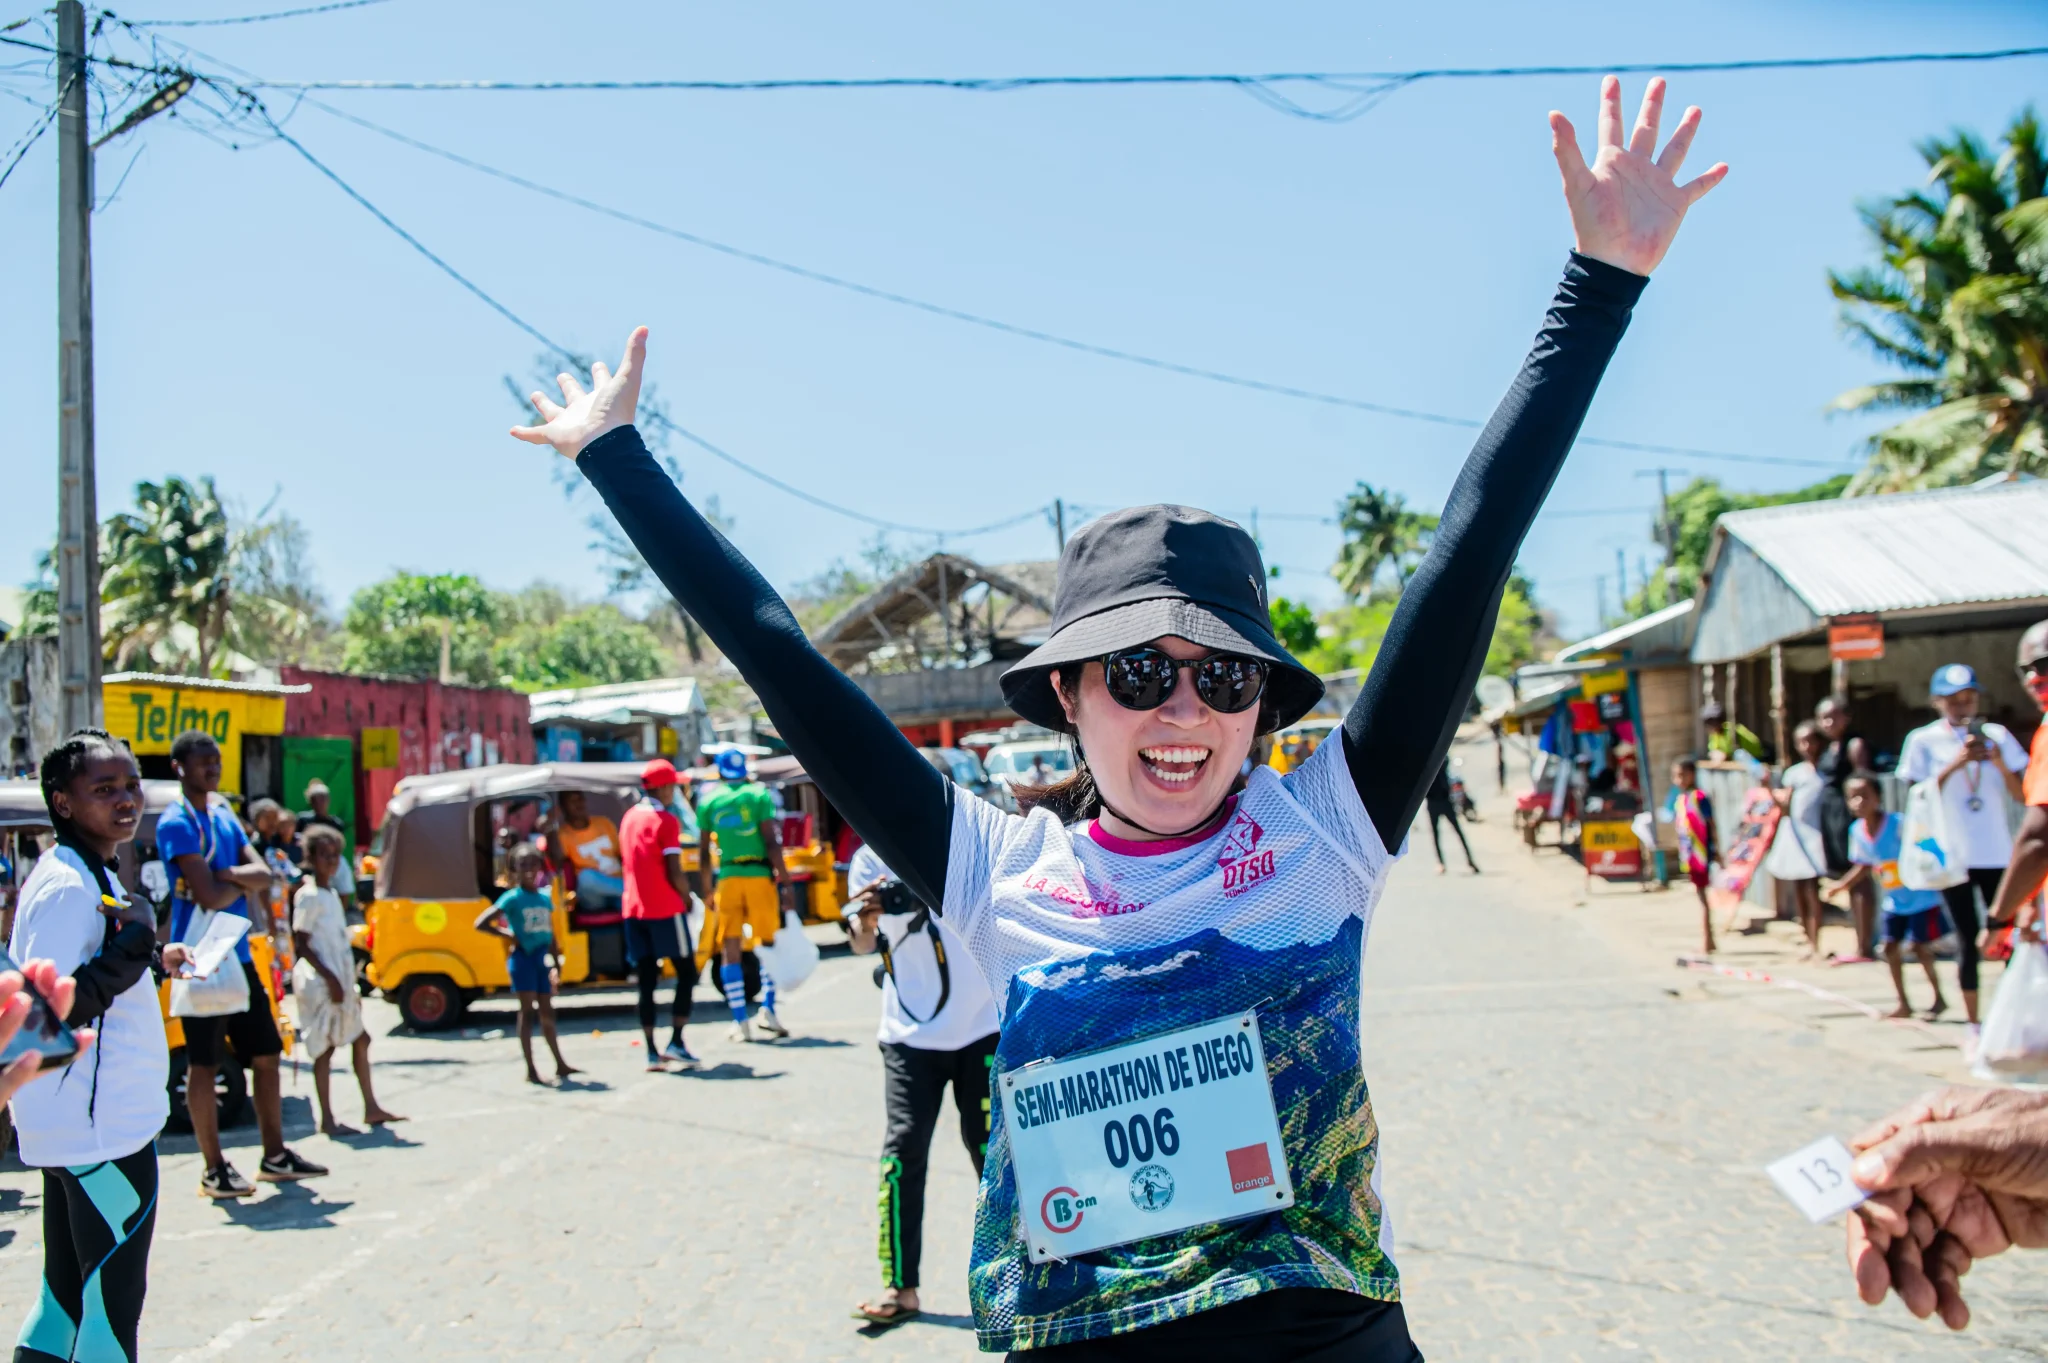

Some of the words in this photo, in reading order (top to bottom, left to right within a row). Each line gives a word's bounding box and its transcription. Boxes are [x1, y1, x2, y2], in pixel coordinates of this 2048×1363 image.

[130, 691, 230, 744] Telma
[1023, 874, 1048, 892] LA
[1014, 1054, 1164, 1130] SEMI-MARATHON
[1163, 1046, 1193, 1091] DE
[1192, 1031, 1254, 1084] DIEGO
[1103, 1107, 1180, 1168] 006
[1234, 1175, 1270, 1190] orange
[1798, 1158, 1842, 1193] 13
════════════════════
**EXERCISE DETAILS**
With the images left out, output all the entries above exactly.

**SOLUTION TO THIS PROBLEM**
Some of the words in this photo, in reading order (top to bottom, left to right within a row). Each line gives a word's bounding box and its transcription. Boxes are [x1, y1, x2, y2], in pixel coordinates of this 2048×1363 image.

[130, 691, 230, 744] Telma
[1023, 874, 1048, 892] LA
[1014, 1054, 1164, 1130] SEMI-MARATHON
[1163, 1046, 1193, 1091] DE
[1192, 1031, 1254, 1084] DIEGO
[1103, 1107, 1180, 1168] 006
[1234, 1175, 1270, 1190] orange
[1798, 1158, 1842, 1193] 13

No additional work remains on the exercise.